Specificity for presymptomatic Type 1 diabetes
Before these ICD-10 updates 2025 updates, presymptomatic Type 1 diabetes was typically coded with R73.03 (Prediabetes).
The new E10.A- codes now allow for a more precise diagnosis, enabling better tracking and early intervention, and improved outcomes through revenue cycle management AI and AI in medical coding integration.
The presymptomatic diabetes ICD-10 codes now include:
- A0: Type 1 diabetes mellitus, presymptomatic, unspecified.
- A1: Type 1 diabetes mellitus, presymptomatic, Stage 1. This stage is defined by multiple confirmed islet autoantibodies with normoglycemia (normal blood sugar).
- A2: Type 1 diabetes mellitus, presymptomatic, Stage 2. This stage is characterised by confirmed islet autoimmunity with dysglycemia (abnormal blood sugar)
The inclusion of presymptomatic diabetes ICD-10 helps providers document risk stages before full disease progression.

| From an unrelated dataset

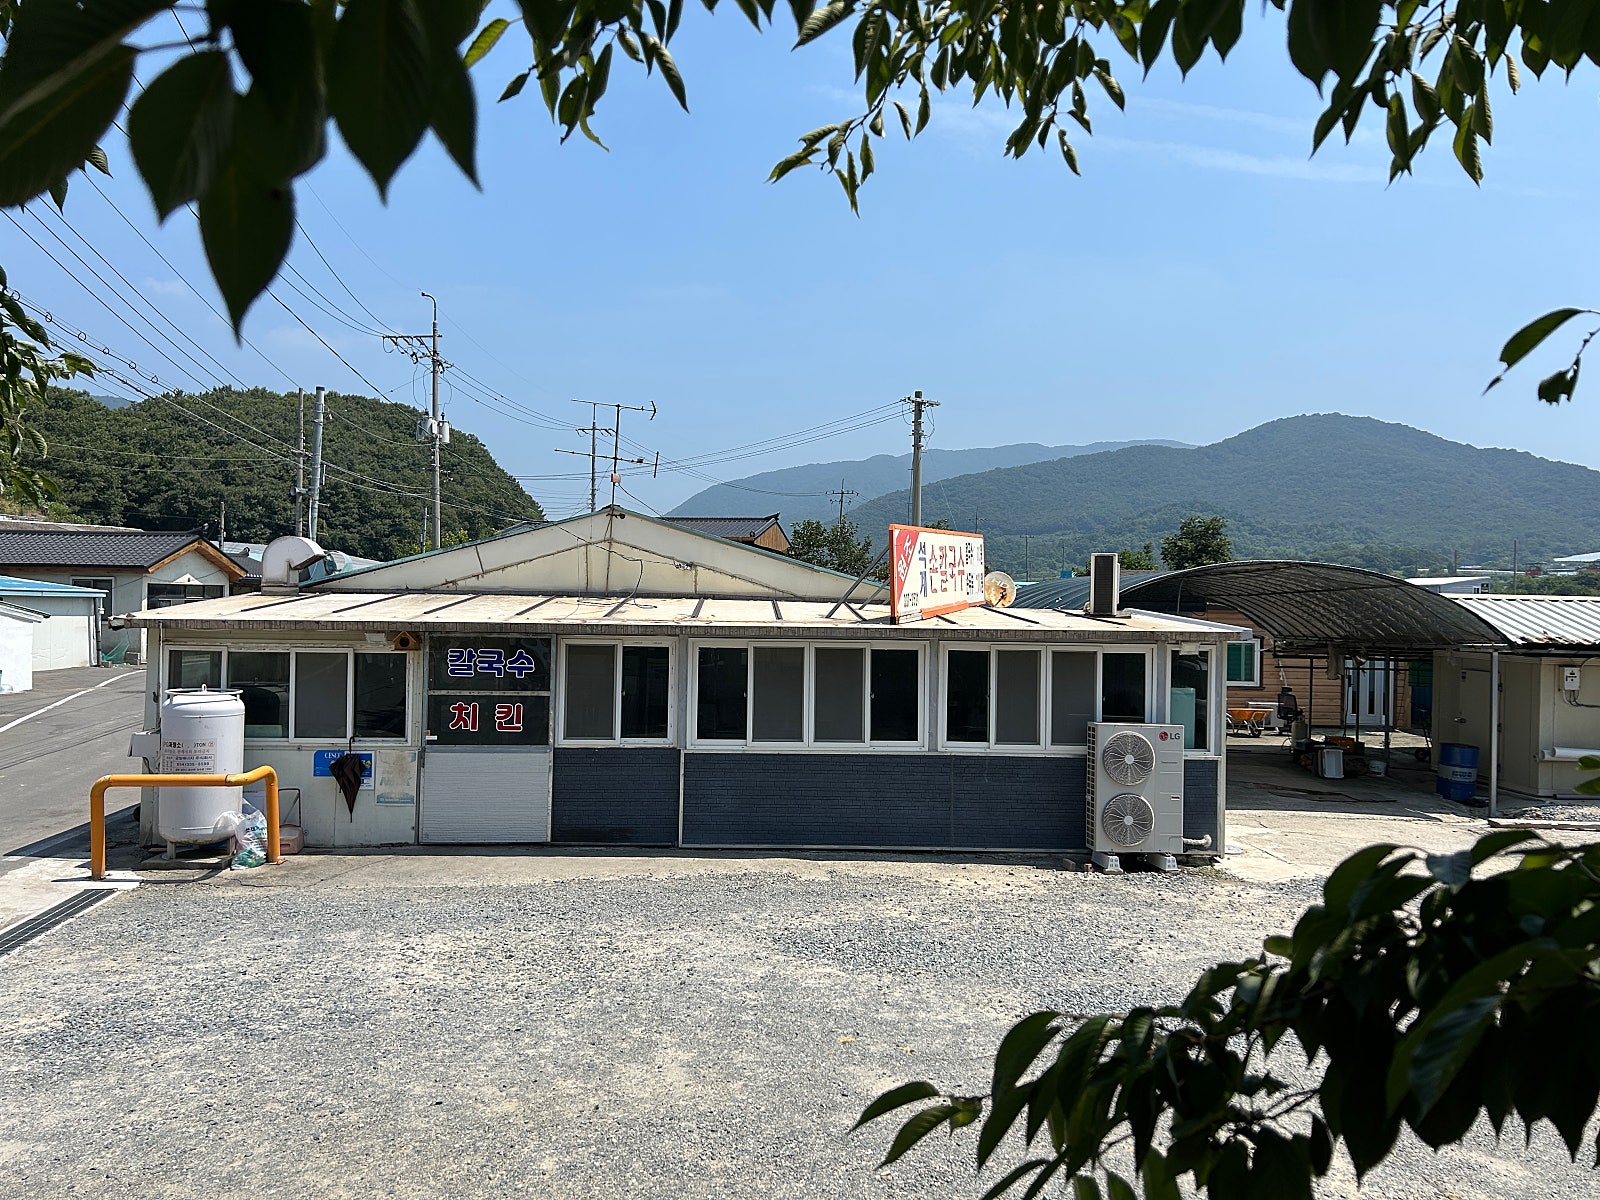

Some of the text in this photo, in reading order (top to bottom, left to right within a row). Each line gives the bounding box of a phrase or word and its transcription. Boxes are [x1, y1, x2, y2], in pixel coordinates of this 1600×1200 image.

[929, 544, 965, 594] 손칼국수
[447, 648, 535, 678] 칼국수
[1170, 732, 1181, 740] LG

When combined with automated coding software and AI in medical coding, these updates improve workflow accuracy and ensure smooth medical billing ICD-10 2025 compliance.

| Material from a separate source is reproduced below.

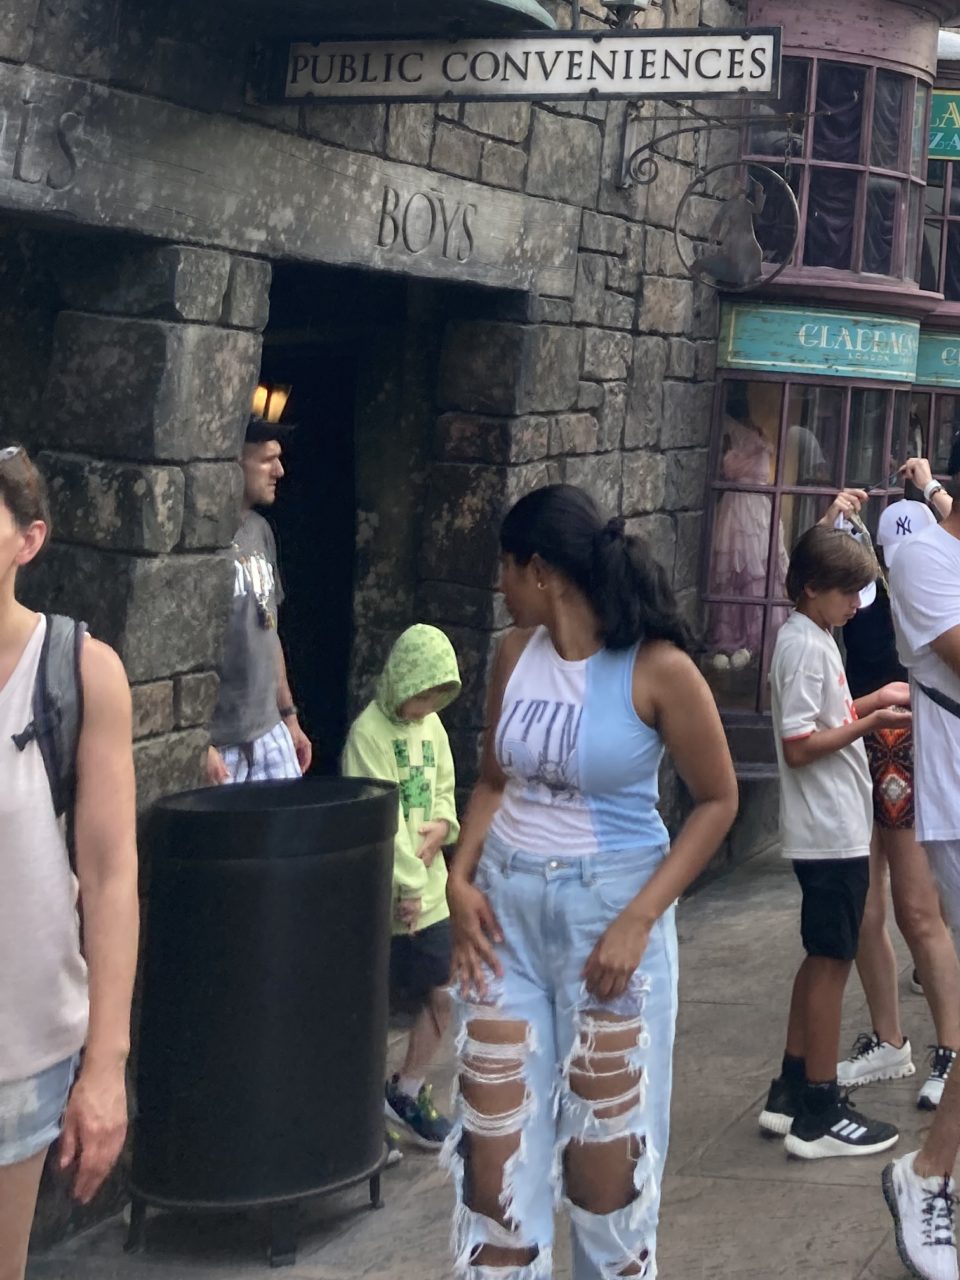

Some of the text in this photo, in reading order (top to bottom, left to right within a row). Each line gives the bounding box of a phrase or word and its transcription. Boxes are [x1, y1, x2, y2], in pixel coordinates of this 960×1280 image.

[289, 46, 767, 86] PUBLIC CONVENIENCES
[374, 185, 478, 263] BOYS

Specificity for obesity classifications
The new obesity classification ICD-10 for obesity classify a patient’s condition based on their Body Mass Index (BMI), adding more detail than previously available. The ICD-10 documentation requirements now ask coders to specify both BMI and the cause or impact of obesity. This approach improves reporting accuracy and ensures compliance with medical coding updates 2025.
Updated obesity classification ICD-10 codes include:
- E66.811: Obesity, class 1 (BMI 30.0–34.9).
- E66.812: Obesity, class 2 (BMI 35.0–39.9).
- E66.813: Obesity, class 3 (BMI 40.0 or greater).
- E88.82: Obesity due to disruption of the melanocortin-4 receptor (MC4R) pathway. This is a genetically based form of obesity that requires an additional code for associated manifestations, such as polyphagia (R63.2).
- Z15.2: Genetic susceptibility to obesity — applicable under obesity classification ICD-10 revisions.
By aligning with ICD-10 new codes 2025 and ICD-10-CM 2026 updates, these refinements support better tracking, improved reimbursement through revenue cycle management AI, and seamless integration into AI in medical coding systems. Such clarity ensures that payers receive precise data for claims, reducing denials and ensuring financial accuracy.